### [Data]
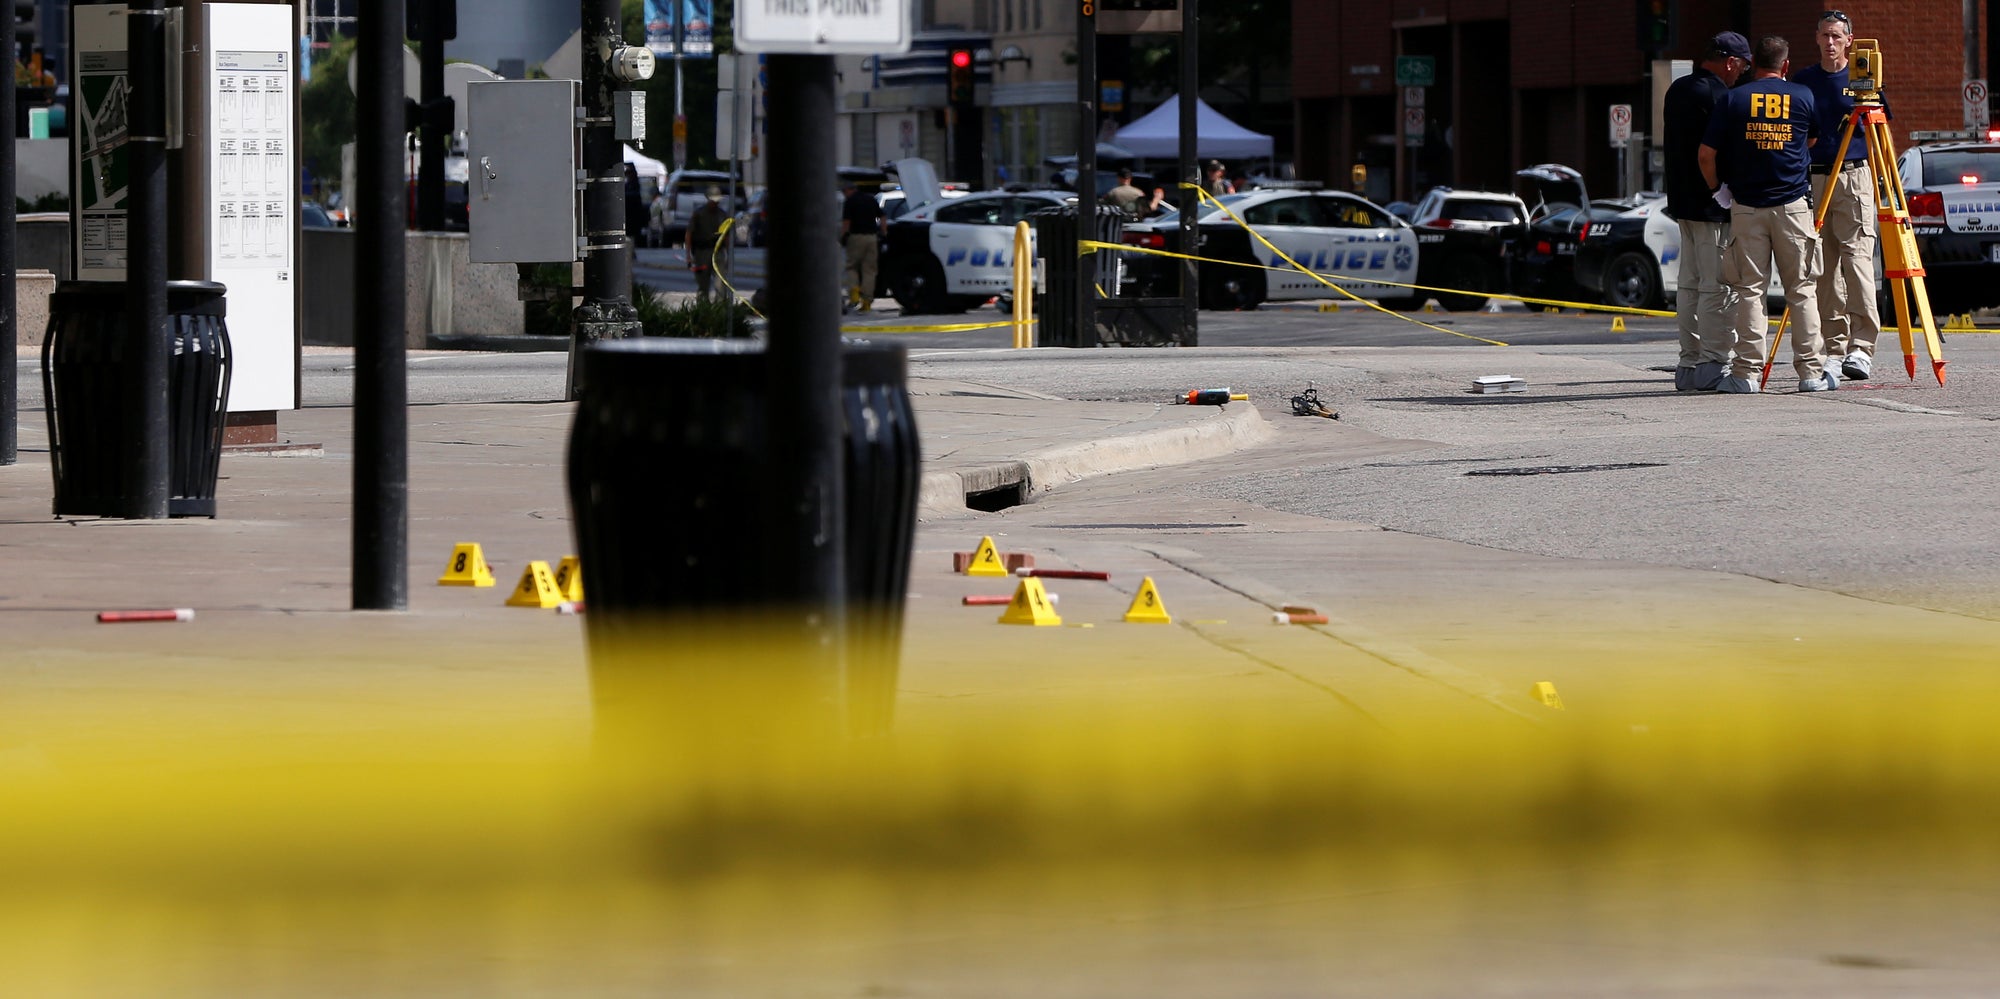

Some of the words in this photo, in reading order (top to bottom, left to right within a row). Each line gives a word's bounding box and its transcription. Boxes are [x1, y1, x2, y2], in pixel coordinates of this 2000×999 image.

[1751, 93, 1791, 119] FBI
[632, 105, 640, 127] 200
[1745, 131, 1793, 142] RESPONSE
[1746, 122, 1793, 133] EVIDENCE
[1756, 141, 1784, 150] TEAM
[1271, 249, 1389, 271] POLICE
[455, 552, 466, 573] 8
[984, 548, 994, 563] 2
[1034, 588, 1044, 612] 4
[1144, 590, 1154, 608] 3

### [What is required]
A verbatim copy of every entry is wanted; the pictures stay out of it.

### [Answer space]
Some of the words in this photo, in reading order (top to bottom, left to right within a row). Each line gives a word's bounding box and its transcription. Boxes are [x1, y1, x2, y2], in pixel coordinates of this 2000×999 image.

[1751, 93, 1791, 119] FBI
[632, 105, 640, 127] 200
[1745, 131, 1793, 142] RESPONSE
[1746, 122, 1793, 133] EVIDENCE
[1756, 141, 1784, 150] TEAM
[1271, 249, 1389, 271] POLICE
[455, 552, 466, 573] 8
[984, 548, 994, 563] 2
[1034, 588, 1044, 612] 4
[1144, 590, 1154, 608] 3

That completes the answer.